Mélenchon, l'échec d'un discours

 

Les commentaires se multiplient sur la défaite de Jean-Luc Mélenchon à Hénin-Beaumont. Prenons par exemple Laurent Joffrin :

Son aventure reposait sur un postulat : pour ramener à gauche les classes populaires détournées par le vote FN ou l’abstention, il fallait radicaliser le langage, la tactique et le programme. […] il fallait en tout point déclarer la guerre au réformisme. Pour séduire les ouvriers déçus par la gauche, il fallait être beaucoup plus à gauche. C’est ce raisonnement, plus que le candidat Mélenchon, qui a échoué à Hénin-Beaumont.

Sur ce point, je suis d'accord : on a trop souvent expliqué le passage d'une partie du vote populaire de la gauche à l'extrême droite par le positionnement trop timide du Parti Socialiste. Comme si les "prolétaires" étaient naturellement à gauche, voire à l'extrême gauche, et qu'il suffisait de poser son filet au bon endroit pour les ramasser. Le double échec de Mélenchon montre que ce n'est pas le cas. Le discours traditionnel de la gauche révolutionnaire ne prend plus, en dehors du peuple de gauche, cette petite dizaine de pour cent des électeurs très politisés, qui restent fidèles à la radicalité communiste ou trotskyste.

11 avril 2012

L'économie est ailleurs

Lors des débats sur la hausse de la TVA – dite "sociale", puisqu'elle permet aux gens qui gagnent le moins d'augmenter leur participation au financement des services sociaux – on avançait cet argument qui me semblait, à l'époque, assez étrange : la hausse de la TVA serait une manière de taxer les importations en provenance de notre grand ennemi économique, la Chine. Je ne voyais pas comment on pouvait l'affirmer, puisqu'avec la TVA, on ne peut pas cibler les produits par leur origine industrielle. Parallèlement, la hausse de la TVA ne devait rien coûter aux consommateurs parce que la concurrence ferait baisser les prix. Cet argument là, je ne le comprenais pas non plus, une taxe comme la TVA étant justement neutre en termes de concurrence : si on augmente le prix de l'iPhone que j'ai envie d'acheter, ce n'est pas comme si j'allais me rabattre sur des poireaux français.

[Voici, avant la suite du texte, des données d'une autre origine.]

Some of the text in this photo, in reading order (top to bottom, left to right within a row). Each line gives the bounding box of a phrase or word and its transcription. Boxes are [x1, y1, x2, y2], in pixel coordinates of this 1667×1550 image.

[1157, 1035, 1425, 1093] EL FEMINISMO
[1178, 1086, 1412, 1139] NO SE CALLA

Les mois passent et je pense à autre chose. Puis, hier, alors que je commençais à songer à faire un billet pour expliquer mes réserves sur Mélenchon, sujet complexe et subtile s'il en fut, je tombe sur cet édito dans les Échos, plein de mépris et dédain pour les électeurs de Front de Gauche (partagés, d'après l'auteur, entre des staliniens quasi terroristes et des bobos conformistes). Le succès de Mélenchon doit être un grand soulagement pour certains, qui peuvent sortir des vieux arguments et clichés qui n'ont pas servi depuis la chute du mur. Bref, notre éditorialiste, Henri Dubreuil, finit son billet sur le SMIC à 1 700 euros :

Il reste malgré tout primordial de combattre les idées mortifères d’un diable rouge ayant troqué sa fourche pour une faucille. La simple idée de fixer à 1 700 euros le SMIC relève de la folie ou de la stupidité. Elle conduirait à la faillite des milliers d’entreprises à travers tout le pays. Et à ceux qui m’opposeraient la relance de la consommation, je rétorquerai : relance des importations. Couler notre économie pour faire le bonheur des Chinois ou des Allemands est tout sauf une idée digne d’un candidat à la présidentielle.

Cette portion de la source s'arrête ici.